Takır, dört hafta sonunda hayvanların kireçlenme oluşan dizlerine hidrojen sülfür enjekte ettiklerini anlatarak, "Birinci günde bu hayvanları sakrifiye ettik, bir kısım hayvanı ise dört hafta sonra sakrifiye ettik, buradaki amacımız kısa ve uzun dönem etkisini gözlemlemekti." dedi.
Aynı zamanda hidrojen sülfürün etkisini tedavide kullanılan bir ilaç olan metilprednisolon ile karşılaştırdıklarını kaydeden Takır, "Bir kısım deney hayvanında da metilprednisolonun etkisine baktık." şeklinde konuştu.
Doç. Dr. Selçuk Takır, şunları aktardı:
"Cerrahi yöntemle kireçlenme hastalığı oluşturduğumuz hayvanların diz içerisine hidrojen sülfür enjekte ettiğimizde kısa dönemde hastalığın oluşumunun engellenmediği ancak daha uzun sürede hastalığın ilerlemesini belirgin bir şekilde azalttığını gözlemledik.

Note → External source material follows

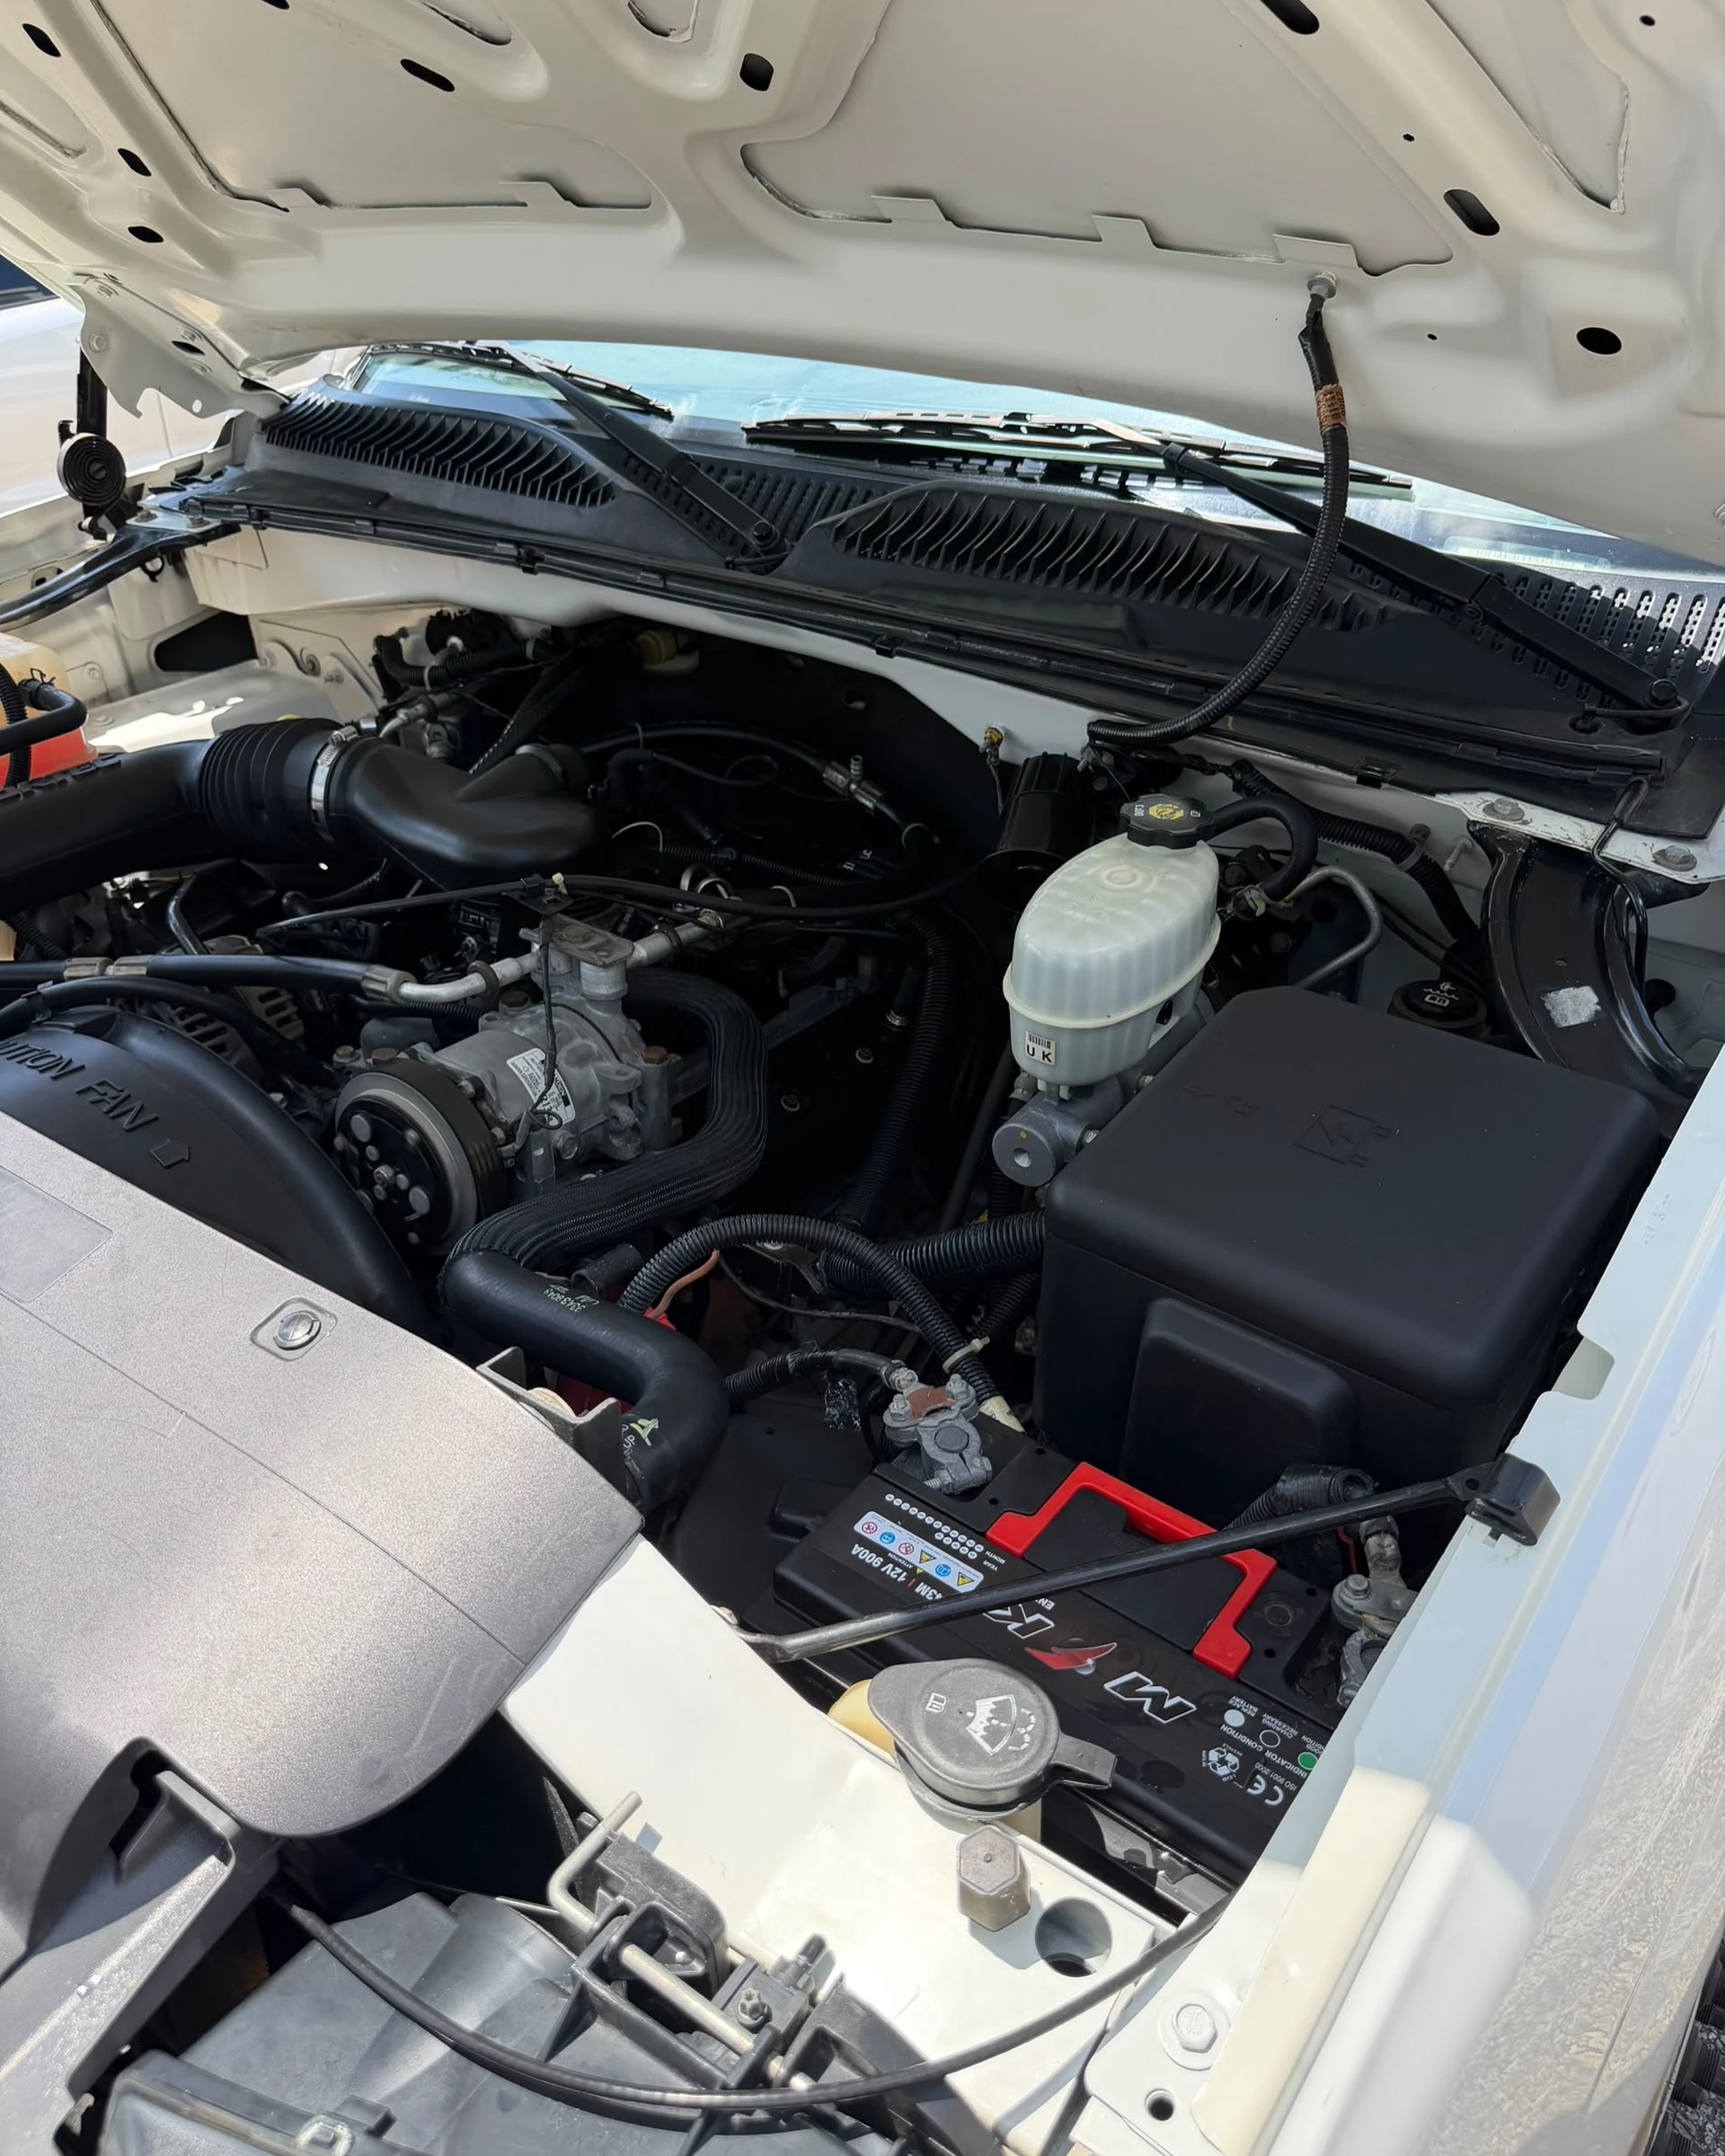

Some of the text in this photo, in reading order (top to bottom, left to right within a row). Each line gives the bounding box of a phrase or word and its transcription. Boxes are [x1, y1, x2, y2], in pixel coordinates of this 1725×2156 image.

Hidrojen sülfür uygulanmayan deney hayvanlarının dizlerindeki hasarla kıyaslandığında belirgin bir şekilde azalttığını gözlemledik."
Hidrojen sülfür ile görülen bu etkinin metilprednisolon ile görülen etkiden de fazla olduğunu gözlemlediklerini kaydeden Takır, "Aynı şekilde dizleri içine hidrojen sülfür enjekte edilen deney hayvanlarının dizlerindeki hasarın 4 hafta sonunda incelendiğinde metilprednisolon enjekte edilenden çok daha belirgin düzeyde az olduğunu gözlemledik. Çalışmamızın sonucu gösteriyor ki kireçlenme hastalığının tedavisinde hidrojen sülfürün bir yeri olabilir."
Doç. Dr. Selçuk Takır, çalışmanın sonuçlarının daha ileri deneylerle desteklenmesi ve insanlarda da uygulanabilir aşamaya gelmesi için araştırmaların sürdürüleceğini aktardı.